Diagram to show pattern of inheritance for Alström Syndrome:

As the diagram shows, for each pregnancy there is a probability of 25% that parents who are carriers of the mutated gene will have a child with Alström syndrome. There is also a probability of 25% of having an unaffected child who will not be a carrier and a probability of 50% that they will have unaffected children who are carriers of the gene. Boys and girls have an equal chance of inheriting the gene responsible for Alström syndrome.

In 1997 researchers at the Jackson Laboratory in Bar Harbor, Maine, USA located the gene for Alström syndrome on chromosome 2. Genetic research is being conducted world-wide to identify the mutation responsible for such devastating effects on multiple organ systems. Research is also taking place in Canada, United States of America, France, Italy and the United Kingdom.

Children with Alström syndrome can and do lead full and productive lives. Even though there is no cure for Alström Syndrome treatment/therapy is possible to alleviate some of the symptoms experienced by those that have the condition. For instance, diabetes mellitus may be controlled with medication combined with diet and exercise, and the use of hearing aids can help children and adults cope with hearing loss.

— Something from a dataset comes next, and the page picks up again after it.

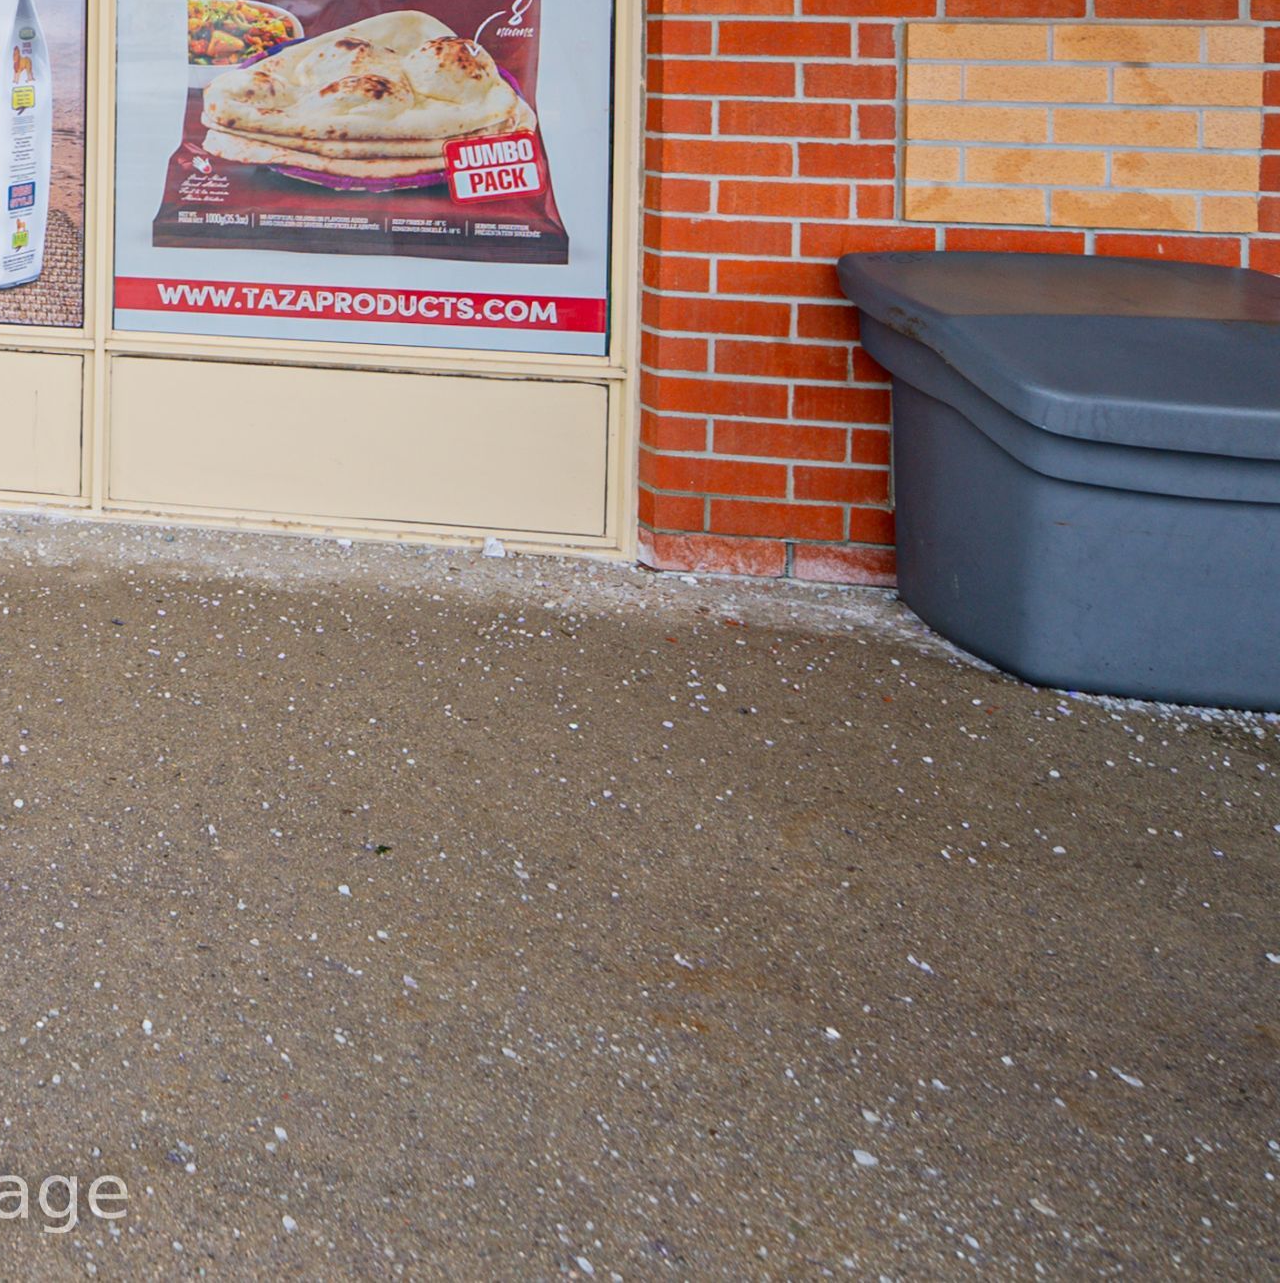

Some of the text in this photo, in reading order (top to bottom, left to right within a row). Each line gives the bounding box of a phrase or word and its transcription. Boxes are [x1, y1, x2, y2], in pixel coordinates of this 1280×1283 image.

[496, 26, 535, 37] naans
[453, 138, 535, 169] JUMBO
[468, 166, 529, 194] PACK
[156, 282, 559, 324] WWW.TAZAPRODUCTS.COM

As stated earlier there are 104 known children and adults with Alström syndrome who live in 16 different countries around the world. Most of these are in developed countries such as Canada, the United States of America and the United Kingdom - the latter having the largest group of diagnosed AS children and adults.

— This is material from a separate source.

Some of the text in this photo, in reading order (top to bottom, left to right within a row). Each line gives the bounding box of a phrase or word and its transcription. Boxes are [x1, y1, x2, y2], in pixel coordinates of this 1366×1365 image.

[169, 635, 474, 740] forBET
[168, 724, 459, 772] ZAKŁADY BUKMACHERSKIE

The distribution of Alström Syndrome affected individuals mostly seen in developed countries highlights the concern that there are probably many more AS cases in developing countries going undiagnosed, and this may be attributable to lack of information about the syndrome. Undiagnosed children could be missing out on vital medical treatment and educational approaches appropriate to their needs.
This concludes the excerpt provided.